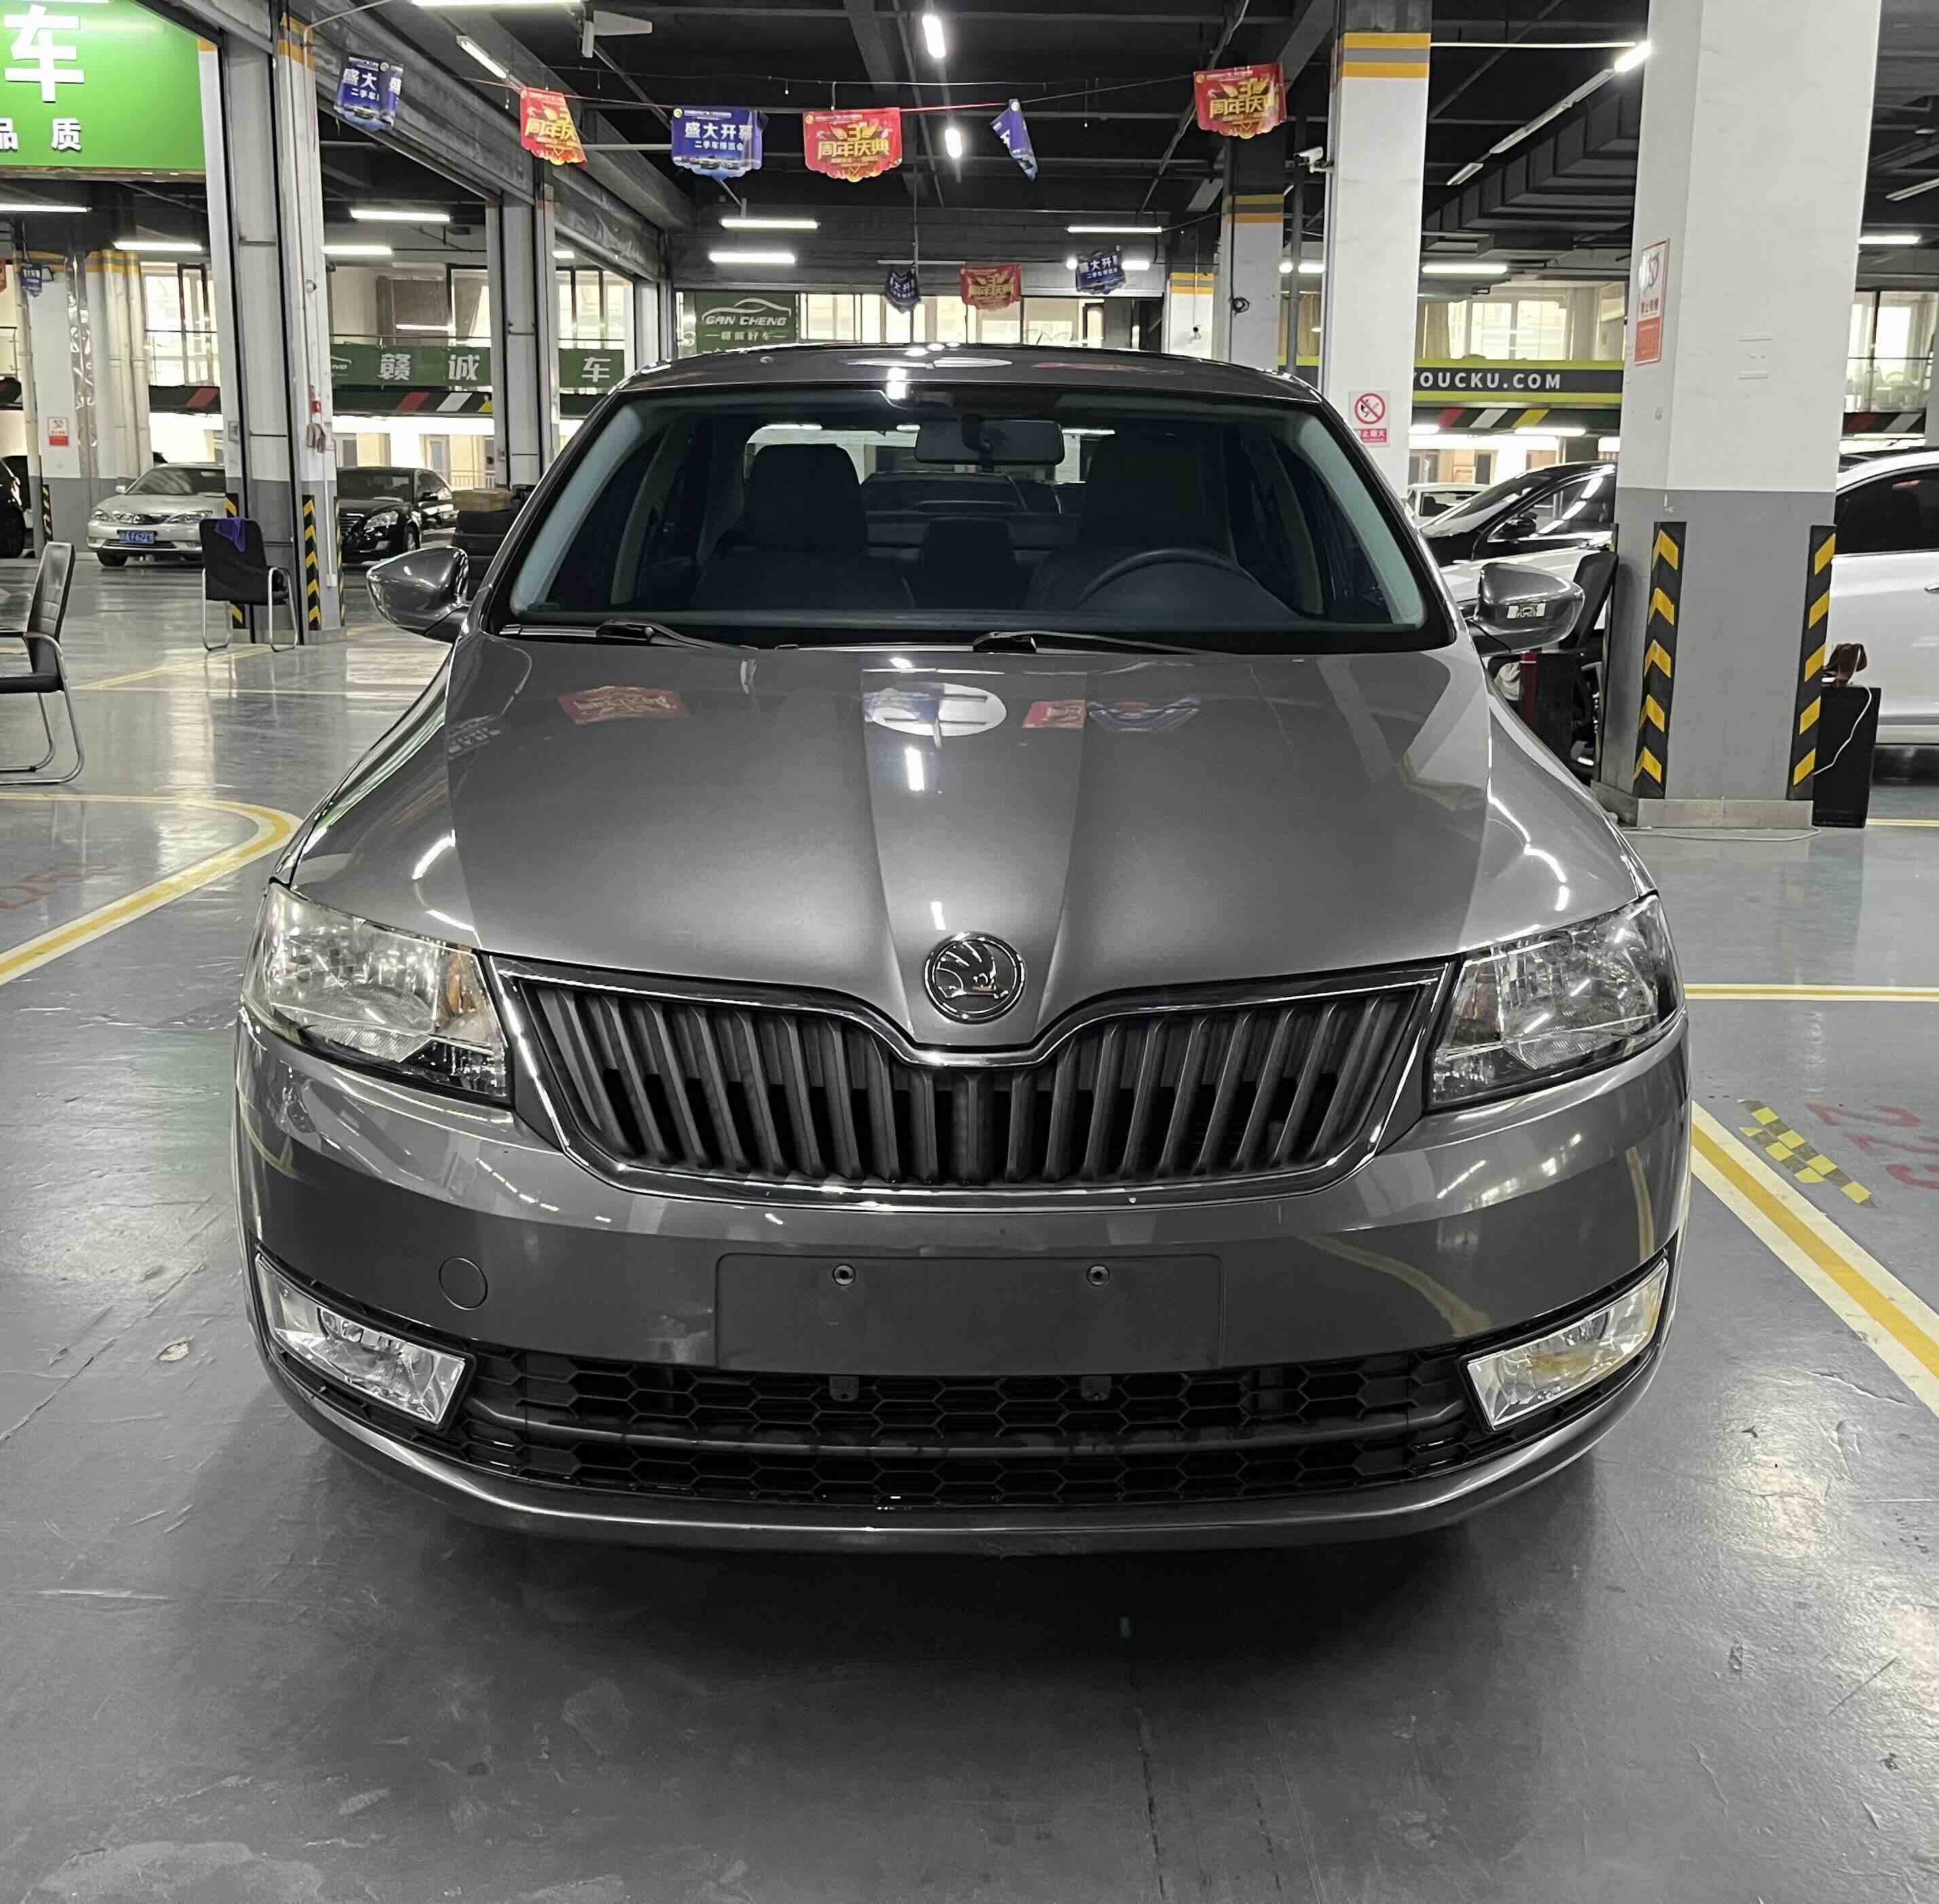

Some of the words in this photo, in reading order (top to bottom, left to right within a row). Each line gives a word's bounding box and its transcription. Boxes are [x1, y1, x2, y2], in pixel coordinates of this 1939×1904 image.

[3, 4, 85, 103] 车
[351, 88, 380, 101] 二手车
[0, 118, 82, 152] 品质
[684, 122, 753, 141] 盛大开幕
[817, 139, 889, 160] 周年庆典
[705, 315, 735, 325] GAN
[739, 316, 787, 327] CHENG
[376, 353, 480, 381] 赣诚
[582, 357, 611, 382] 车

----

◆ ABOUT THIS EXERCISE
Set the whole listing down again unchanged, apart from the pictures, which are omitted.

◆ TASK SOLUTION
Some of the words in this photo, in reading order (top to bottom, left to right within a row). Each line gives a word's bounding box and its transcription. Boxes are [x1, y1, x2, y2], in pixel coordinates of this 1939×1904 image.

[3, 4, 85, 103] 车
[351, 88, 380, 101] 二手车
[0, 118, 82, 152] 品质
[684, 122, 753, 141] 盛大开幕
[817, 139, 889, 160] 周年庆典
[705, 315, 735, 325] GAN
[739, 316, 787, 327] CHENG
[376, 353, 480, 381] 赣诚
[582, 357, 611, 382] 车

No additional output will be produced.